In a recent announcement, tech mogul Elon Musk proclaimed that the social media platform formerly known as Twitter, now called X, has achieved a remarkable milestone with over 540 million monthly users. This revelation comes at a critical juncture for the company, as it navigates organizational changes and seeks to revitalize its advertising revenue, which has experienced a decline in recent months.
Under Musk’s stewardship, X has undergone a series of transformative measures aimed at bolstering its market position. One notable initiative was the introduction of the verified blue tick as a paid service, allowing users to authenticate their accounts. Additionally, the platform has started sharing a portion of its ad sales with select content creators, incentivizing them to produce engaging and high-quality content.
The appointment of former NBCUniversal advertising chief Linda Yaccarino as the CEO of X further underscores the company’s commitment to enhancing its ad sales. Musk’s keen focus on this revenue stream is particularly interesting, considering the company’s simultaneous efforts to expand its subscription-based earnings. This strategic shift reflects X’s determination to diversify its income streams and mitigate the negative impacts of reduced advertising revenues.

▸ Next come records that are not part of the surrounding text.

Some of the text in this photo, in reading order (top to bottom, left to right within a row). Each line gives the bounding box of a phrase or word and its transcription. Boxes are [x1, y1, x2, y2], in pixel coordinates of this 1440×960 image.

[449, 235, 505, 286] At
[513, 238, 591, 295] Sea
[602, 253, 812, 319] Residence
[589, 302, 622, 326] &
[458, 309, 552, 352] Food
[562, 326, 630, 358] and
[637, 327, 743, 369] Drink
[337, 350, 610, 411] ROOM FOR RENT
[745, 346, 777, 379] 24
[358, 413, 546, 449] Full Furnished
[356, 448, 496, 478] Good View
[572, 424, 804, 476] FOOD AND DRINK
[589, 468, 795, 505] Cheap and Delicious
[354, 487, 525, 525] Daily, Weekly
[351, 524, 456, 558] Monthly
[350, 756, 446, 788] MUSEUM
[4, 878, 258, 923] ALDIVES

Despite the company’s success thus far, there are legal complications surrounding Musk’s decision to rebrand Twitter as X. Trademark attorney Josh Gerben warns that there is a high probability of litigation arising from the use of the letter “X” in the new platform’s name. Gerben identifies approximately 900 active U.S. trademark registrations tied to the letter “X,” belonging to various industries. This potentially leaves X vulnerable to legal challenges as its name could be perceived as infringing upon existing trademarks held by companies such as Meta Platforms and Microsoft.

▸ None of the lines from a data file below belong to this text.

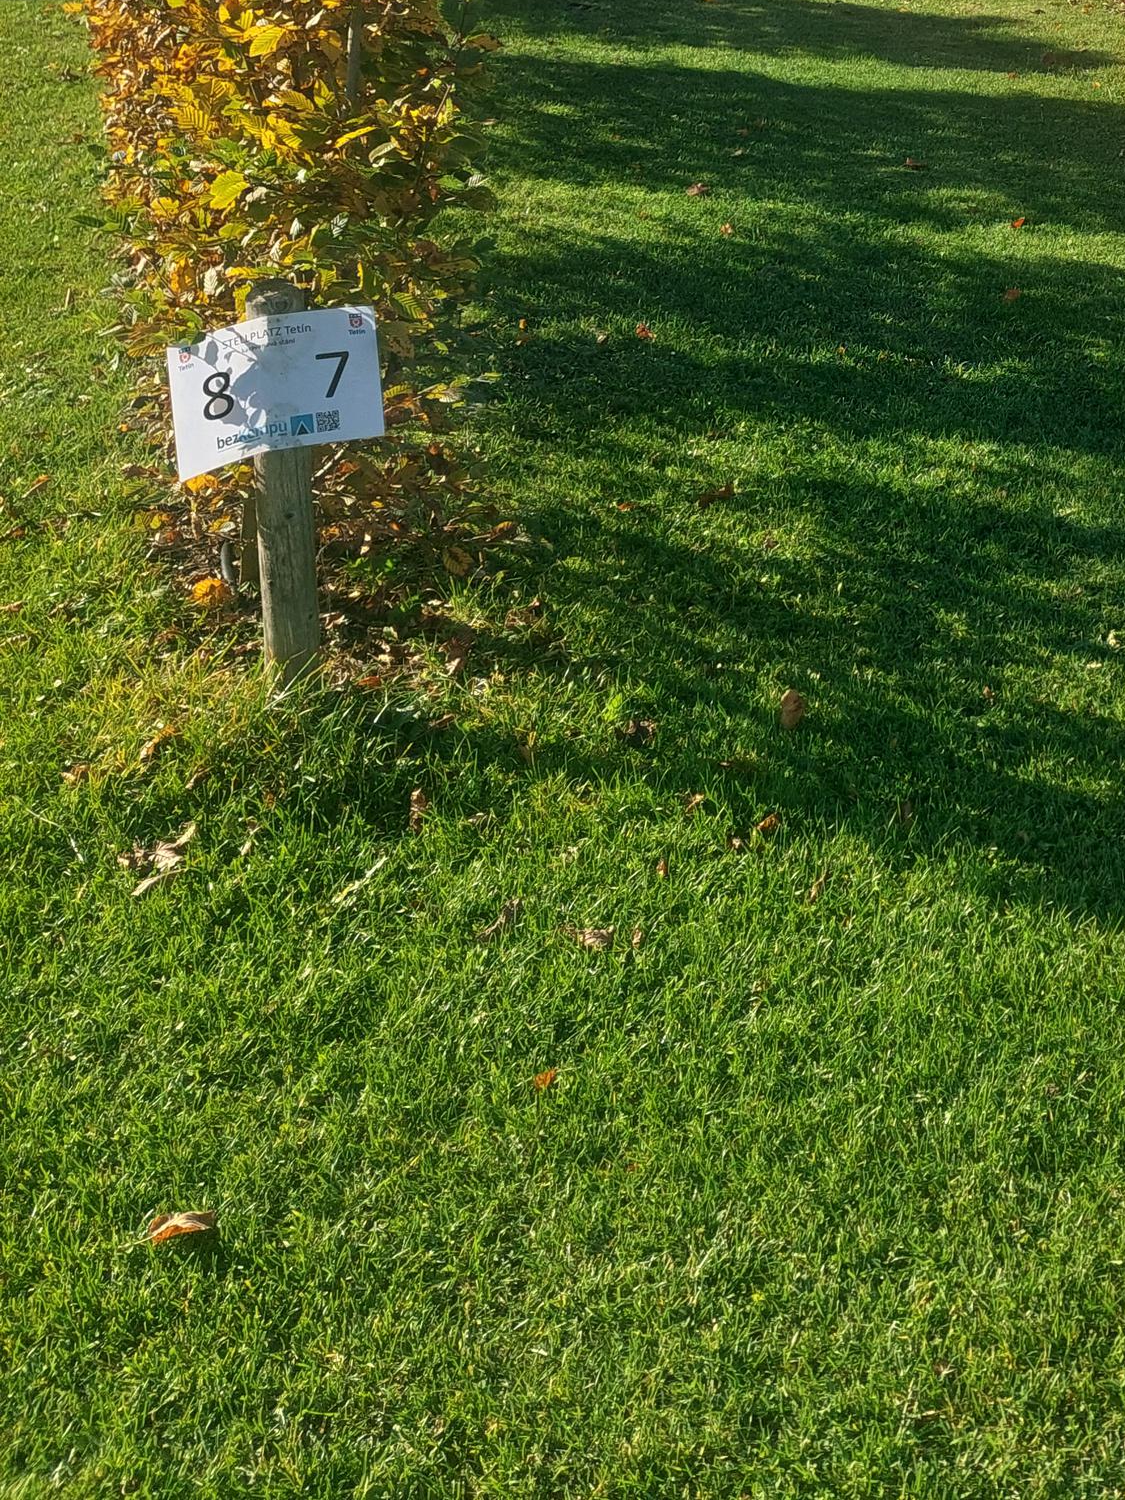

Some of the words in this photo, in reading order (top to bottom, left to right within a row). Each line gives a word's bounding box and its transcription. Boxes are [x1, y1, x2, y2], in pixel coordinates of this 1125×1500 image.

[222, 327, 282, 350] STELLPLATZ
[285, 323, 312, 336] Tetín
[348, 328, 366, 336] Tetín
[315, 350, 349, 398] 7
[202, 371, 235, 421] 8
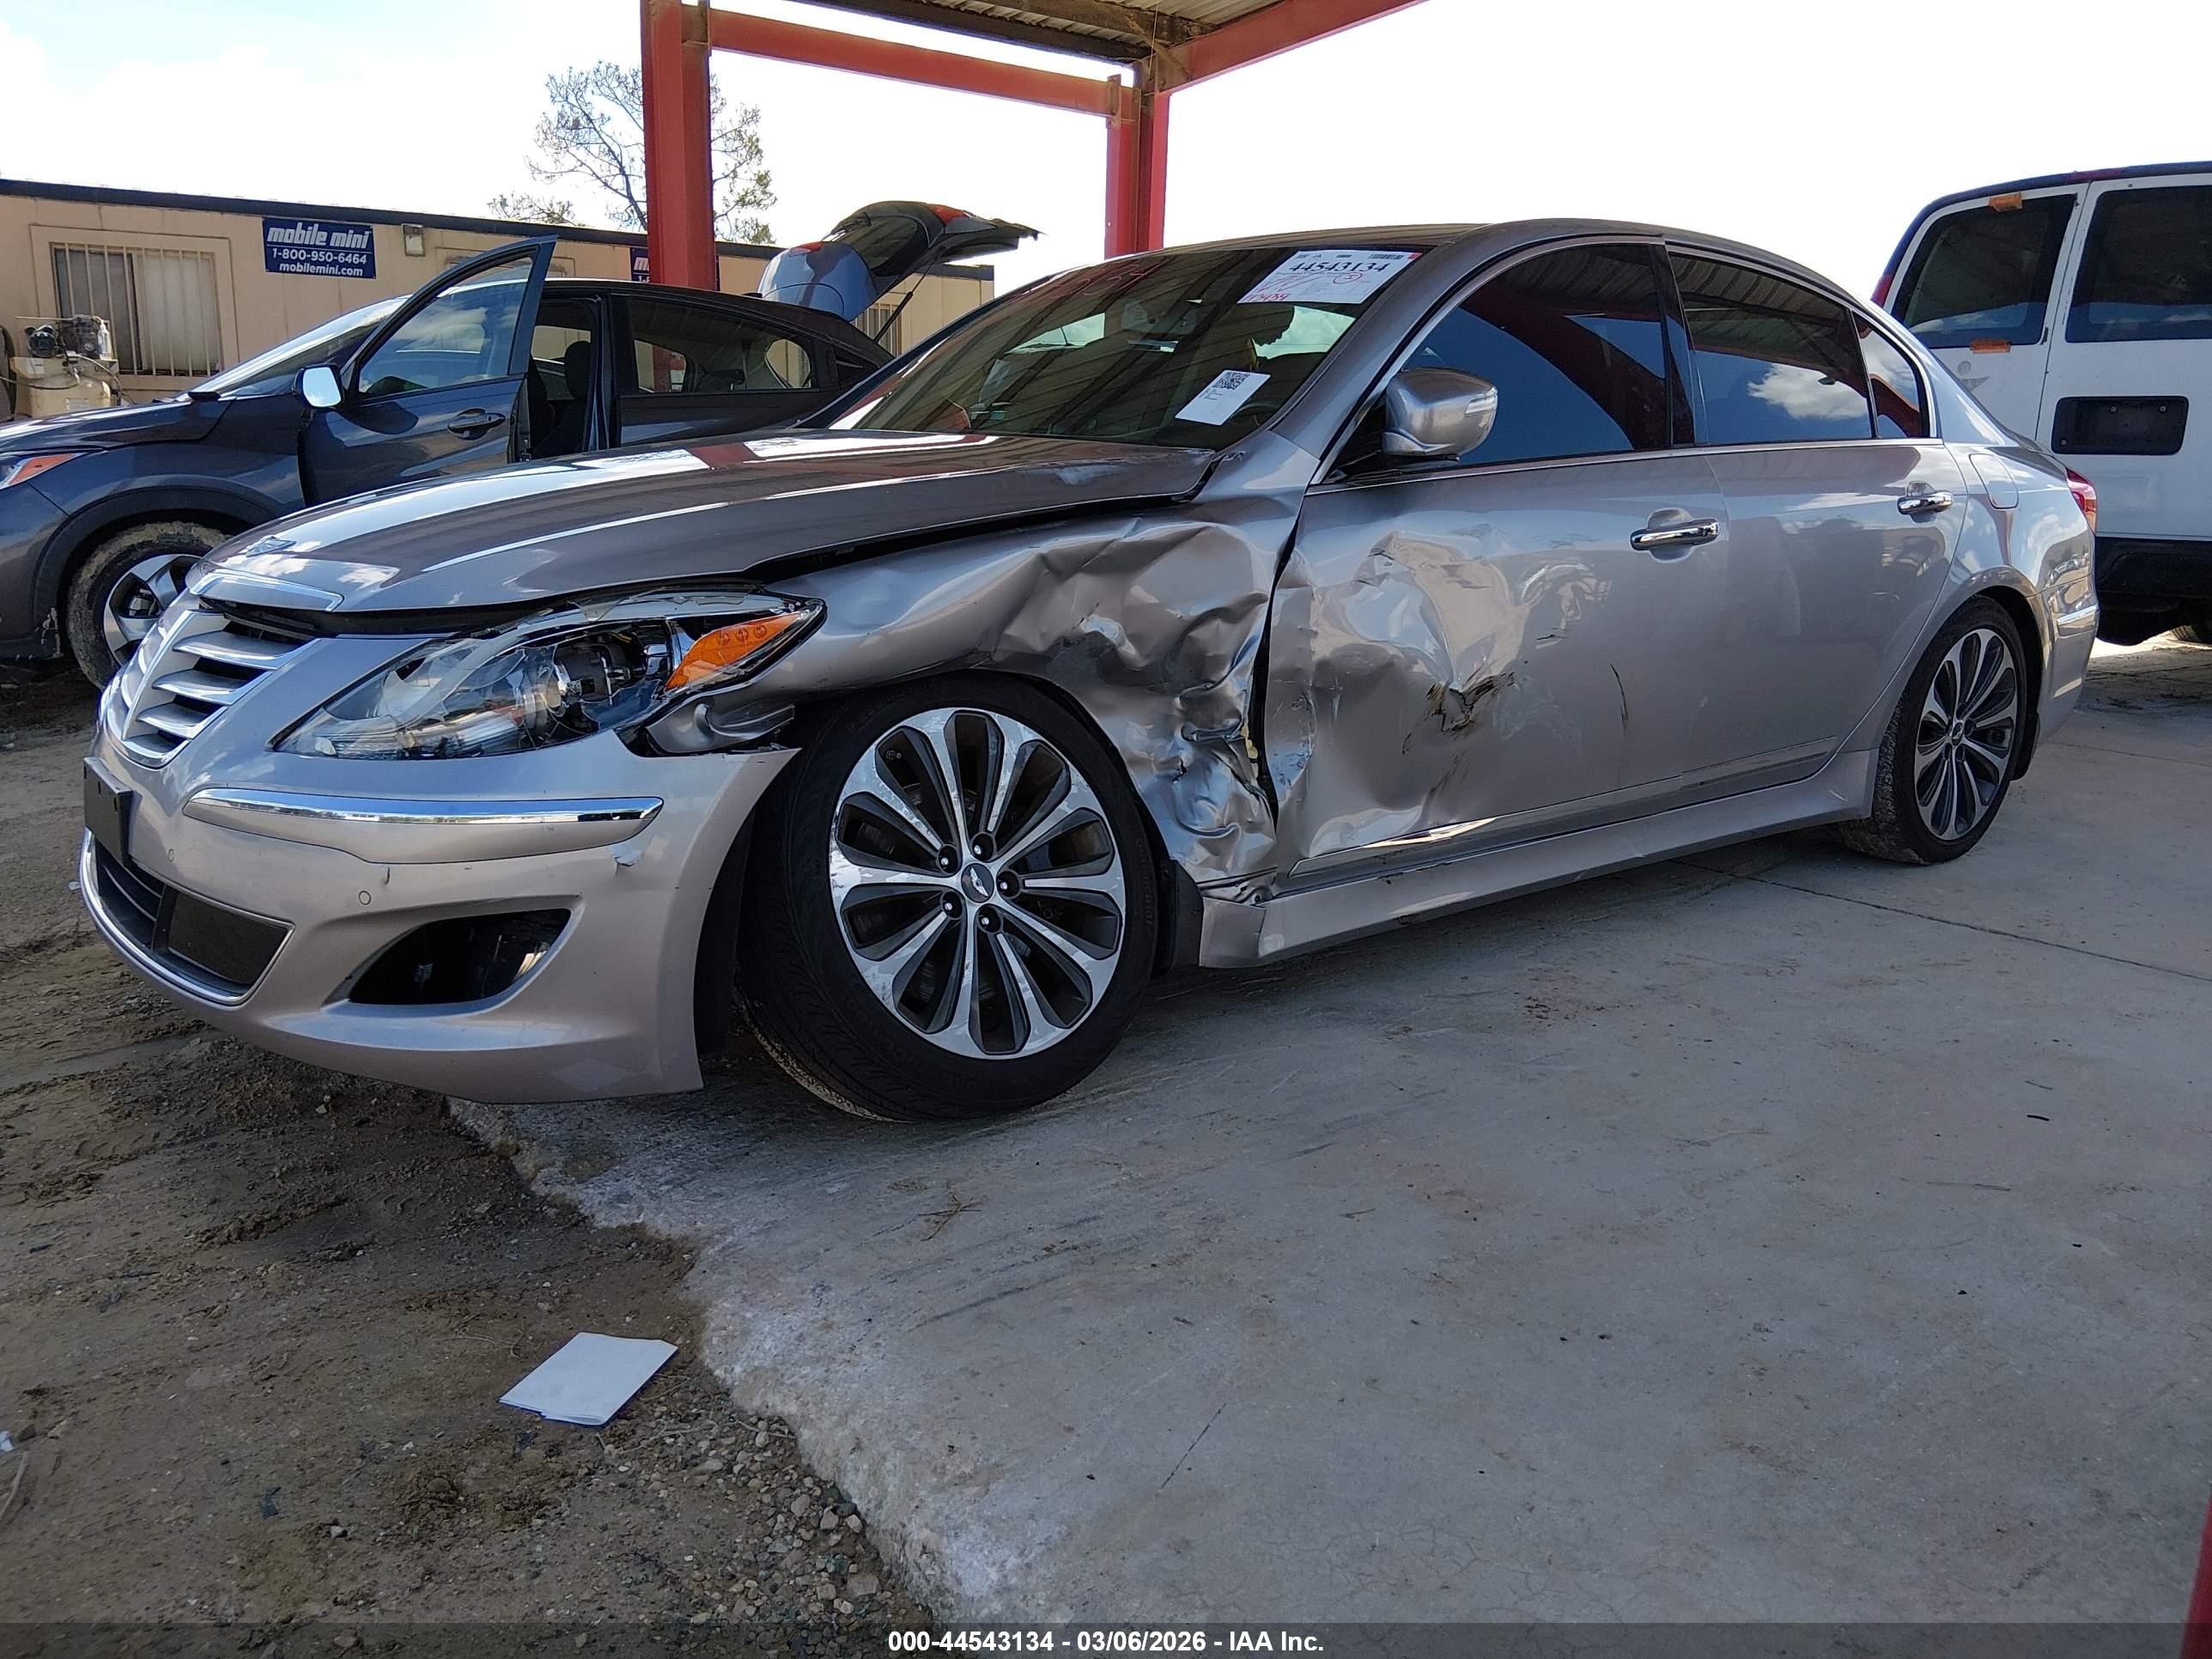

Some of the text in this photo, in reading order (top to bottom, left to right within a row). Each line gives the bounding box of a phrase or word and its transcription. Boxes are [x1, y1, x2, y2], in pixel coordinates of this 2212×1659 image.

[267, 222, 371, 249] mobile mini
[272, 248, 367, 264] 1-800-950-6464
[279, 262, 363, 276] mobilemini.com
[1289, 262, 1391, 272] 44543134

Meta Platforms, the parent company of the newly launched Threads platform that directly competes with X, holds a federal trademark for a blue-and-white letter “X” in the software and social media domain. Microsoft also possesses an X trademark specifically related to its Xbox video game system. While Meta and Microsoft may not initiate legal action unless their brand equity is threatened, X will likely face scrutiny and potential legal battles as it defends its chosen name in the future.

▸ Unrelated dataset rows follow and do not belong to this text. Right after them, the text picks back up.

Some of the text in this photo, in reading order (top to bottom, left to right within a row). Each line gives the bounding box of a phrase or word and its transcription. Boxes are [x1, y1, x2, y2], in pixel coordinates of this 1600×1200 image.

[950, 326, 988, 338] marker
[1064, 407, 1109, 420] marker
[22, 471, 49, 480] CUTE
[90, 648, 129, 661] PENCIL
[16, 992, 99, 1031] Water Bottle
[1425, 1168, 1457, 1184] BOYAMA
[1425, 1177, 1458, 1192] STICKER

With strategic moves to boost advertising revenue, such as the implementation of the verified blue tick and the appointment of Linda Yaccarino as CEO, X aims to solidify its position as a revenue-generating platform. However, potential legal hurdles loom on the horizon, ignited by its rebranding as X and the clash with existing trademarks. Only time will tell how the company navigates these challenges and whether its user growth will translate into long-term sustainability and profitability.